For decades, programming education has focused heavily on learning languages, syntax, and coding techniques. However, if AI systems can generate much of that code automatically, educators may place greater emphasis on foundational subjects such as algorithms, mathematics, logic, and system design.
This potential shift aligns with the early origins of computer science, which emerged from mathematical theory, physics research, and electrical engineering. Before software engineering became a large-scale profession, the field was dominated by theoretical work on computation and information processing.
Under an AI-driven model of development, those foundational disciplines could regain prominence as engineers increasingly focus on conceptual design rather than manual coding.
Industry Context: AI and Tech Workforce Changes
The debate over AI’s impact on software engineering is unfolding alongside broader changes in the technology industry.
In 2026, several major technology companies including Meta, Amazon, and Block announced workforce reductions while simultaneously ramping up investments in artificial intelligence.

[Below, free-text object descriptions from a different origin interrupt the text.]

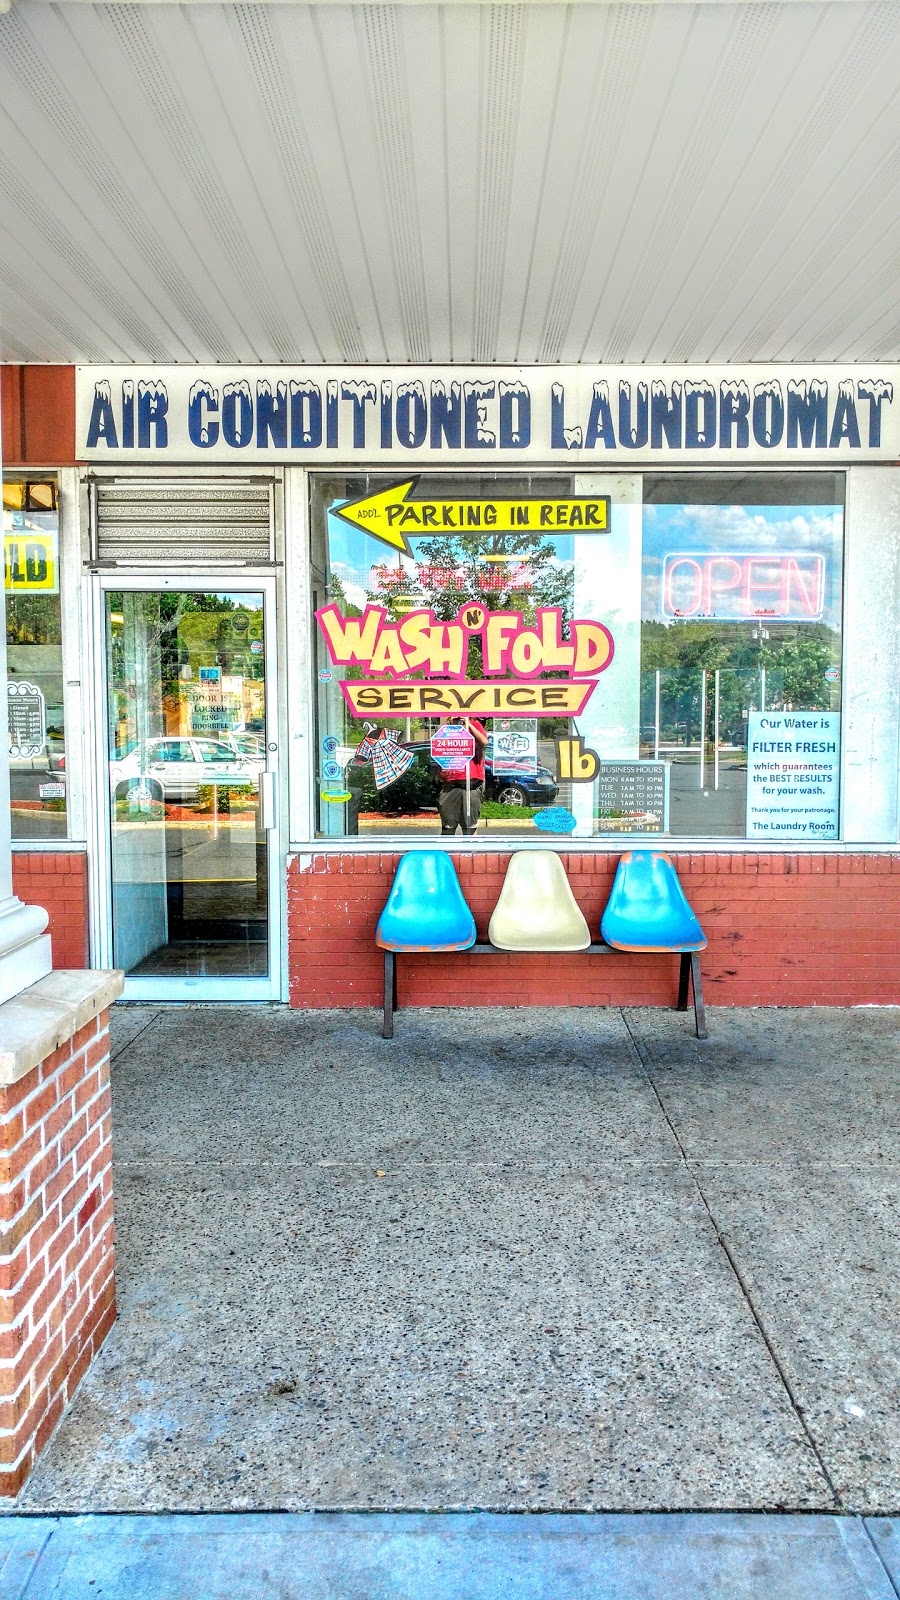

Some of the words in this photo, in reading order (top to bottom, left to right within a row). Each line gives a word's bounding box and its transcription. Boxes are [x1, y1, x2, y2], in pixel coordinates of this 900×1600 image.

[86, 379, 169, 449] AIR
[188, 379, 531, 449] CONDITIONED
[551, 379, 893, 450] LAUNDROMAT
[385, 503, 498, 527] PARKING
[510, 505, 530, 526] IN
[540, 504, 602, 526] REAR
[4, 543, 47, 582] LD
[666, 557, 823, 617] OPEN
[319, 607, 464, 675] WASH
[486, 607, 611, 675] FOLD
[193, 694, 217, 702] DOOR
[356, 687, 568, 710] SERVICE
[194, 705, 228, 713] LOCKED
[760, 718, 781, 729] Our
[784, 718, 818, 728] Water
[820, 718, 830, 728] is
[437, 739, 446, 747] 24
[447, 739, 469, 747] HOUR
[752, 742, 793, 753] FILTER
[795, 742, 836, 753] FRESH
[754, 762, 780, 771] which
[782, 763, 833, 773] guarantees
[753, 774, 768, 782] the
[769, 774, 791, 782] BEST
[793, 774, 832, 782] RESULTS
[762, 787, 775, 795] for
[777, 788, 798, 796] your
[799, 787, 826, 795] wash.
[752, 822, 769, 830] The
[770, 822, 807, 831] Laundry
[809, 822, 835, 830] Room
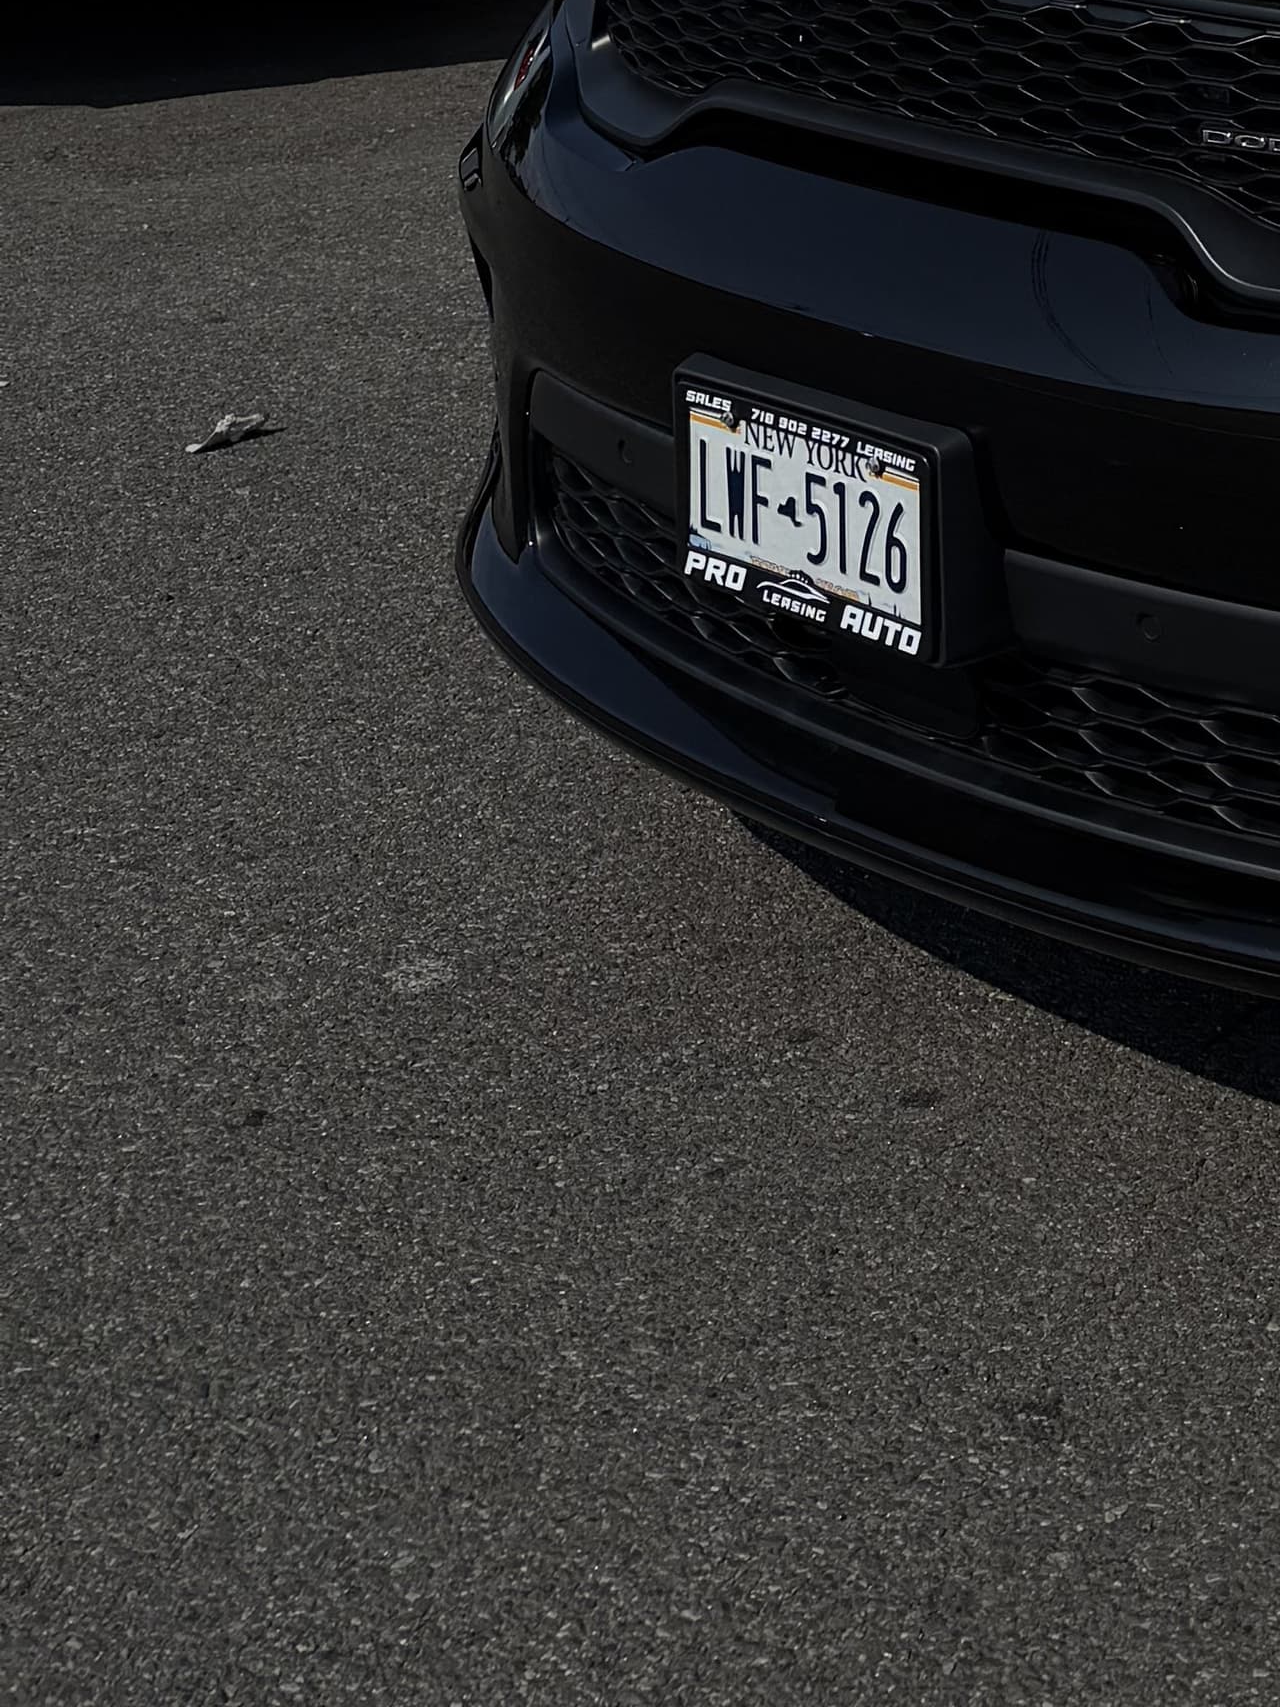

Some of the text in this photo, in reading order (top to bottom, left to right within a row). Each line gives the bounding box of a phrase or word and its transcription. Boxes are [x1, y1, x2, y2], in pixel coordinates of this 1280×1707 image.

Many firms are integrating AI tools into development workflows to automate coding, analyze data, and streamline internal operations. These capabilities allow companies to maintain productivity with smaller engineering teams, intensifying concerns that entry-level programming roles could shrink over time.
At the same time, demand for specialists in machine learning, AI infrastructure, and advanced computing systems continues to grow.
The result is a shifting landscape for software professionals. Routine coding tasks may increasingly be handled by machines, while human engineers focus on higher-level problem solving, system architecture, and the development of new AI technologies.
What Happens Next
Whether AI ultimately reduces the number of software engineering jobs or simply transforms them remains an open question.
What appears increasingly clear, however, is that the definition of a “software engineer” may change dramatically in the coming years. As AI systems take on more coding responsibilities, the most valuable skills in the field could shift toward analytical thinking, mathematical reasoning, and the ability to design complex computational systems.
For industry leaders like Srinivas, the transformation may represent not the end of computer science as a discipline but a return to its intellectual foundations.